Translated by Barbara D. Riess.
It’s all ready. You’ve gotten rid of everything. Even that vinyl tablecloth–faded and now almost unrecognizable–from your first birthday party. Even the family photos. Except that one that you’ve carefully wrapped in plastic so that it’d be safe from the salt water and maybe even float. Even your porn. Except that mag you’ll use for toilet paper when you’re out in the middle of nowhere surrounded by salty air and threatening jaws. Even your college textbooks and notes. Except that pirated copy of the detective novel that Cuco sold you from his corner stall.
You keep up your routine. You don’t want anyone to suspect. Just you and your idea know what you’re about to do.
Today’s the day. You leave without saying goodbye. You forget the saran-wrapped picture, the porn, the novel. You won’t be coming back but it doesn’t matter; your memory’s enough. You leap into the salty emptiness. Your only course set for a dry arrival.

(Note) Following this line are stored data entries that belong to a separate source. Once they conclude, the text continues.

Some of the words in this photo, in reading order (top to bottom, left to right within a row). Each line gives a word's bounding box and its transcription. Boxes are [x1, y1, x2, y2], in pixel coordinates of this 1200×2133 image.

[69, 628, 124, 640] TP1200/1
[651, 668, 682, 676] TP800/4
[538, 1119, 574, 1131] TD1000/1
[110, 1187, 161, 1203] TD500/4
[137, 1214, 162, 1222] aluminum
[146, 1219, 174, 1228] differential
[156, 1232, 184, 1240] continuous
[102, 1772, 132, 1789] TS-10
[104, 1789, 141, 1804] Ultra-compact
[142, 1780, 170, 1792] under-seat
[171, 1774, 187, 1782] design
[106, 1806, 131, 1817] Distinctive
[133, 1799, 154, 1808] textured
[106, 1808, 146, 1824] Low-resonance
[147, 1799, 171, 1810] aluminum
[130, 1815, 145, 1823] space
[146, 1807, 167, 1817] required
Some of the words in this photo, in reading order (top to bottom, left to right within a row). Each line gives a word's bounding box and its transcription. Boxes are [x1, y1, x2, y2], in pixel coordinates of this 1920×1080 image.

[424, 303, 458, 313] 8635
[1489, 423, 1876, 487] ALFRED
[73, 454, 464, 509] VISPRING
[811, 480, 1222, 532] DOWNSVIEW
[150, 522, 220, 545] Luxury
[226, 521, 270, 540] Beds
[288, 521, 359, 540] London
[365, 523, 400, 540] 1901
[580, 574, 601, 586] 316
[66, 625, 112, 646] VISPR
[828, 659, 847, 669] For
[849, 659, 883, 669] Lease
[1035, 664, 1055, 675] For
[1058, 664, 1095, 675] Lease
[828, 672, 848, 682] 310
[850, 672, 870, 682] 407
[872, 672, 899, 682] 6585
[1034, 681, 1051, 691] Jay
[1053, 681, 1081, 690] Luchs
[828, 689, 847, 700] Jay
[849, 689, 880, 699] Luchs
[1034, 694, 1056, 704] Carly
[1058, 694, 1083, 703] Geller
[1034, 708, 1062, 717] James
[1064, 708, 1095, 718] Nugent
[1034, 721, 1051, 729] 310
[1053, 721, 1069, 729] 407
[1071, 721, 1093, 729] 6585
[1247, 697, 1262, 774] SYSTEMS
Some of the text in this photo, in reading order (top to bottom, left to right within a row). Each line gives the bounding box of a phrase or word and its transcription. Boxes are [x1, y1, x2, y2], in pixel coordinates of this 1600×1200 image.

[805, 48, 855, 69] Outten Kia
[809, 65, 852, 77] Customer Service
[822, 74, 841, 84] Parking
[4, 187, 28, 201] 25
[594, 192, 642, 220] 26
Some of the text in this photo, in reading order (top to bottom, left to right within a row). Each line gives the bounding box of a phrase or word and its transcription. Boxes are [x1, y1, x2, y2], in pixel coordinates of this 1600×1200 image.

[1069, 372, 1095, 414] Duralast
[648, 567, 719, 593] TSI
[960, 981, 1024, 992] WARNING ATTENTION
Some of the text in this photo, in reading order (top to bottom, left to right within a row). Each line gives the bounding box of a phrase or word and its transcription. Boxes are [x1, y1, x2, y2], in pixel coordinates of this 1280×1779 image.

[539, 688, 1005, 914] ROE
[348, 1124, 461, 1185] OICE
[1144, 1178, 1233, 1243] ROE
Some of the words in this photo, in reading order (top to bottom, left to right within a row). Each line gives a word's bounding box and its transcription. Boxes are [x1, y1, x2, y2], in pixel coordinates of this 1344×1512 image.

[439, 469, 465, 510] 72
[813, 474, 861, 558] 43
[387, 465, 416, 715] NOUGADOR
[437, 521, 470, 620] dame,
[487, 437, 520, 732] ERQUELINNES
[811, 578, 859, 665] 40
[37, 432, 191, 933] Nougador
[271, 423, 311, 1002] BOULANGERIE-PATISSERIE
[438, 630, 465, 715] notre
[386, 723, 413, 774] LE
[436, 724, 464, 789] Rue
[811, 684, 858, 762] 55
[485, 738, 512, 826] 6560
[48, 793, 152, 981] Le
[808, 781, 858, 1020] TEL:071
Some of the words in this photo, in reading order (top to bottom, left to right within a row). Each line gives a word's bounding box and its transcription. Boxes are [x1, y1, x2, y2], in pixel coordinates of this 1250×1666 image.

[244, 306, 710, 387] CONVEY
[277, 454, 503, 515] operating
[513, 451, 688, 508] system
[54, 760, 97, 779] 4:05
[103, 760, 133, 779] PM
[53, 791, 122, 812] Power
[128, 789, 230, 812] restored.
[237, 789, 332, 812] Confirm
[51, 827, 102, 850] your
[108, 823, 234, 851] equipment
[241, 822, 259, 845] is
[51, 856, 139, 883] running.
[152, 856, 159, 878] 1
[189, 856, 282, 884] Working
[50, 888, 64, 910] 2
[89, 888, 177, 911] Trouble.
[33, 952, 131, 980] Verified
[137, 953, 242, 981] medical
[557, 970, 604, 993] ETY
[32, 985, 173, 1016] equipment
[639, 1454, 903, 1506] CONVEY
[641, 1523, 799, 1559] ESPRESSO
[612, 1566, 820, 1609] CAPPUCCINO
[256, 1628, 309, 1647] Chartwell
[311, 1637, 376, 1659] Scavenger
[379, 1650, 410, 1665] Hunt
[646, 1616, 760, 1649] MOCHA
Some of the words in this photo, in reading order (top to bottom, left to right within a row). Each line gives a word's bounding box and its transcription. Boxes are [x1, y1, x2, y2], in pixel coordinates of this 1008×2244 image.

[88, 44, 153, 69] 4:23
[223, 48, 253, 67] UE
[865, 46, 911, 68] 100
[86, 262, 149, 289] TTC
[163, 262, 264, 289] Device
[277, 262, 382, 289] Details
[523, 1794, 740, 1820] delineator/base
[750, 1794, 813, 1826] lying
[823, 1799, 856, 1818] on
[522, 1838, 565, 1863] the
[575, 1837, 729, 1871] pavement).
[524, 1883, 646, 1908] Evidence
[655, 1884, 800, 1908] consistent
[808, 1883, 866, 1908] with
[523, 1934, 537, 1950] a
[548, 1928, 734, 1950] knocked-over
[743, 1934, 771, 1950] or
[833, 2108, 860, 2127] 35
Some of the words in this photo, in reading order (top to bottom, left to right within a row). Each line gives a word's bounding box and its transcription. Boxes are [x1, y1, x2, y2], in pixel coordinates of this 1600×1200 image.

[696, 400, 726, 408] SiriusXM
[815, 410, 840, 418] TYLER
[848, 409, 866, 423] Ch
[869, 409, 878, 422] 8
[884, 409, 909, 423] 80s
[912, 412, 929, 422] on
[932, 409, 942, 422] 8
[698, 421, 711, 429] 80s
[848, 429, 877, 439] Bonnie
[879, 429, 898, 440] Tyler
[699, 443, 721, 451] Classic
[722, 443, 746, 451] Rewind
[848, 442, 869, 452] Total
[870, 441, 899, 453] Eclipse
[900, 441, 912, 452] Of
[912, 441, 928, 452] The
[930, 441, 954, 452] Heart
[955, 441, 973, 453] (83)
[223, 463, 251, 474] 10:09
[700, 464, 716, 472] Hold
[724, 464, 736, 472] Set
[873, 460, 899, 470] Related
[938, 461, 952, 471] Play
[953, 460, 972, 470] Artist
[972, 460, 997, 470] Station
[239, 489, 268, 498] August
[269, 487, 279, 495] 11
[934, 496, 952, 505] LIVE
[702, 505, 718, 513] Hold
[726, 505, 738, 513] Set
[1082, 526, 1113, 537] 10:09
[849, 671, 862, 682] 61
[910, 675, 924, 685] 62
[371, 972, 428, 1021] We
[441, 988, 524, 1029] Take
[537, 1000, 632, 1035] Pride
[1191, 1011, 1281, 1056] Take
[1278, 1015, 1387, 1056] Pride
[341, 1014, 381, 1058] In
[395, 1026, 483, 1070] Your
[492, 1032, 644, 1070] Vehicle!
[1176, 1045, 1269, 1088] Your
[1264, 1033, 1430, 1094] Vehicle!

You can’t stand the burning in your core and that one that eats at your skin from the outside in. You’d give what little you have left, even what keeps you going, for some hydration. You’d douse the blisters that have stolen your voice and paralyzed your hands and feet. You want to drain them, but you can’t. You remember–just keep them dry. A dry arrival, even if it kills you.
Far-off, the oasis where you can soak again. You spot it but repeat to yourself that for now, despite your yearning, you need to keep dry. What’s changed? You, and everything along with you. You ignore this; you’re nowhere now. Your blisters burst. You take off your shirt to dry them. No good. No way to stop the viscid liquid leaking from each one. You’ve become a sea of unruly secretions.
What a waste. To find yourself so close to that brutally dazzling mirage with such wet feet.
And no way to dry them, ever.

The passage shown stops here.